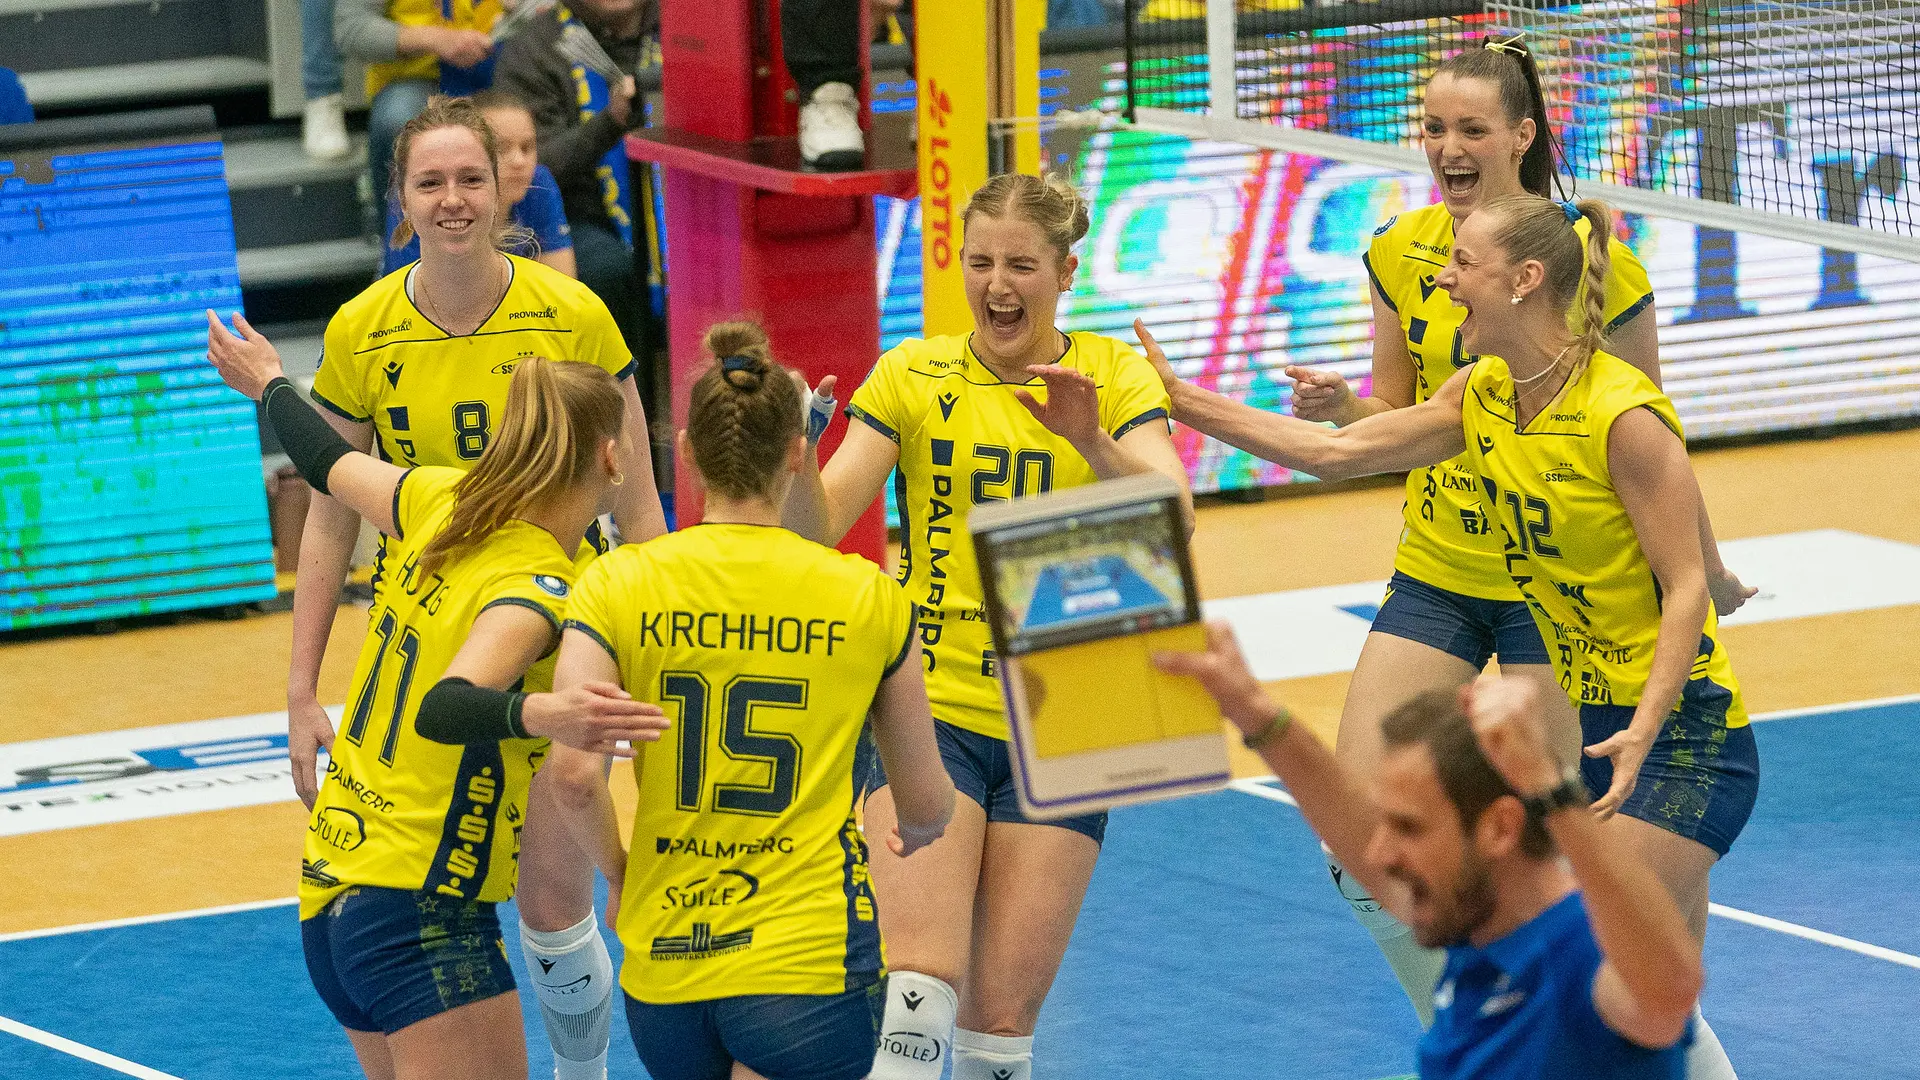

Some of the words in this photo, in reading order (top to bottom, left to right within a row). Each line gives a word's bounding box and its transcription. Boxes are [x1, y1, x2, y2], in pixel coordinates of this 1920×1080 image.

[930, 136, 952, 270] LOTTO
[508, 309, 556, 320] PROVINZIAL
[452, 399, 491, 461] 8
[971, 442, 1055, 508] 20
[1503, 490, 1563, 560] 12
[640, 611, 846, 656] KIRCHHOFF
[345, 605, 421, 768] 11
[660, 669, 809, 819] 15
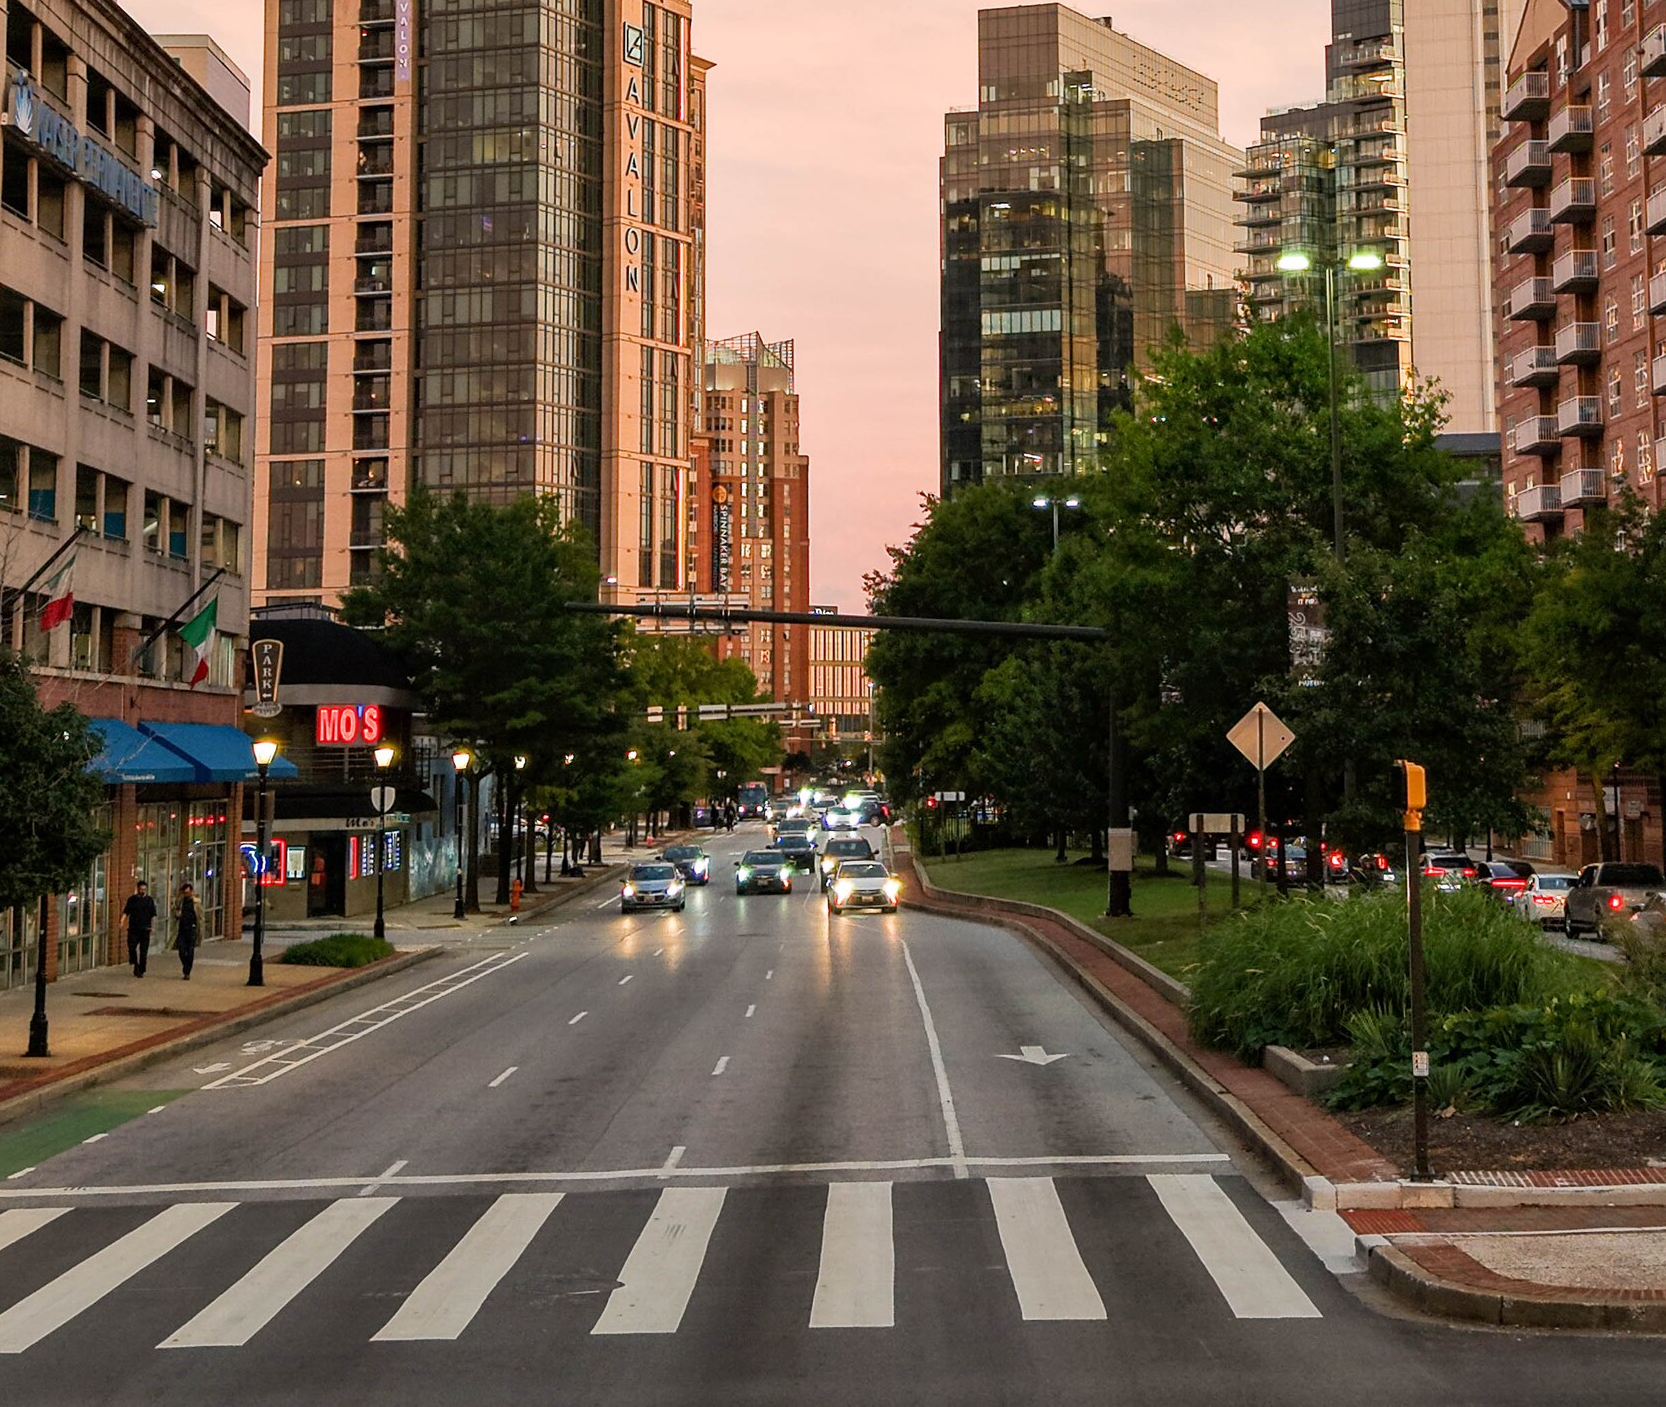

» WHAT TO DO
The answer must be an exact restatement of all the records, with no pictures included.

» RESPONSE FOR THIS EXERCISE
Some of the words in this photo, in reading order (top to bottom, left to right within a row). Each line gives a word's bounding box and its transcription. Boxes are [x1, y1, x2, y2], in pixel coordinates of this 1920×1080 image.

[930, 136, 952, 270] LOTTO
[508, 309, 556, 320] PROVINZIAL
[452, 399, 491, 461] 8
[971, 442, 1055, 508] 20
[1503, 490, 1563, 560] 12
[640, 611, 846, 656] KIRCHHOFF
[345, 605, 421, 768] 11
[660, 669, 809, 819] 15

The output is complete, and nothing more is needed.